* [Provided data]

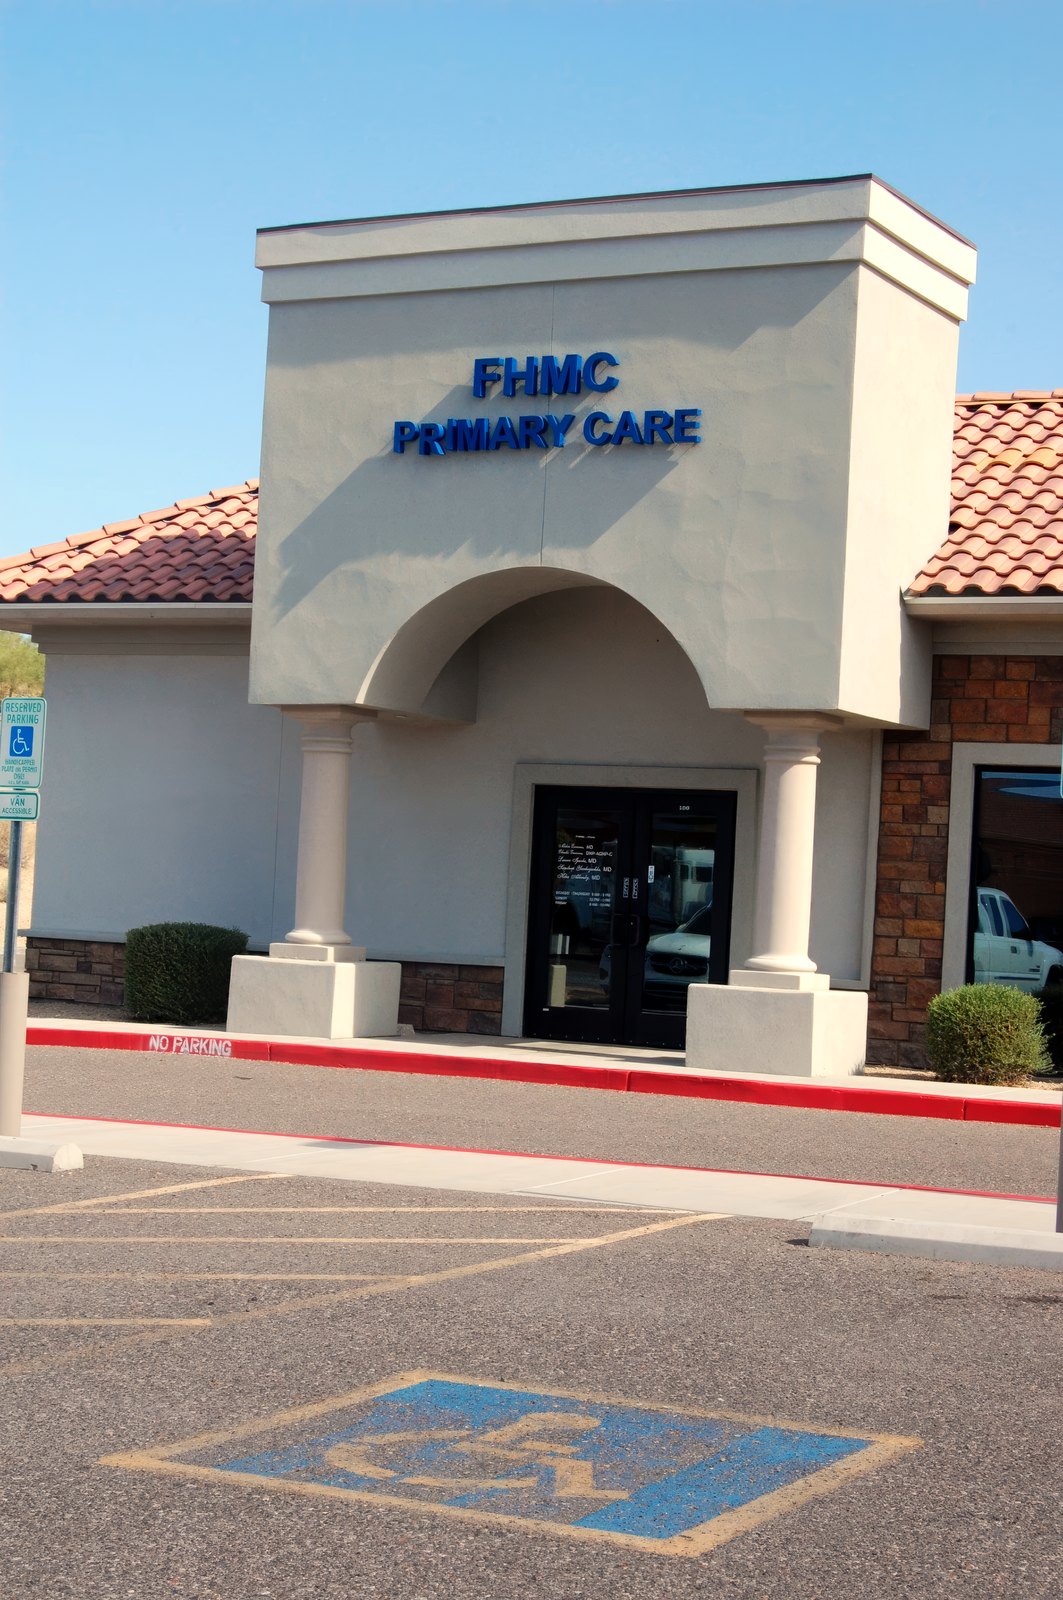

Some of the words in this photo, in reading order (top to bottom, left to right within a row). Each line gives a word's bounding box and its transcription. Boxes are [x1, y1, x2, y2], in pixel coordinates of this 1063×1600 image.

[473, 351, 620, 398] FHMC
[393, 414, 575, 456] PRIMARY
[583, 408, 702, 446] CARE
[6, 703, 41, 712] RESERVED
[7, 714, 39, 724] PARKING
[11, 798, 25, 806] VAN
[149, 1035, 169, 1051] NO
[172, 1036, 232, 1056] PARKING

* [Work order] Exactly as they stand, retype all the entries, but omit the pictures.

* [Your solution]
Some of the words in this photo, in reading order (top to bottom, left to right within a row). Each line gives a word's bounding box and its transcription. Boxes are [x1, y1, x2, y2], in pixel coordinates of this 1063×1600 image.

[473, 351, 620, 398] FHMC
[393, 414, 575, 456] PRIMARY
[583, 408, 702, 446] CARE
[6, 703, 41, 712] RESERVED
[7, 714, 39, 724] PARKING
[11, 798, 25, 806] VAN
[149, 1035, 169, 1051] NO
[172, 1036, 232, 1056] PARKING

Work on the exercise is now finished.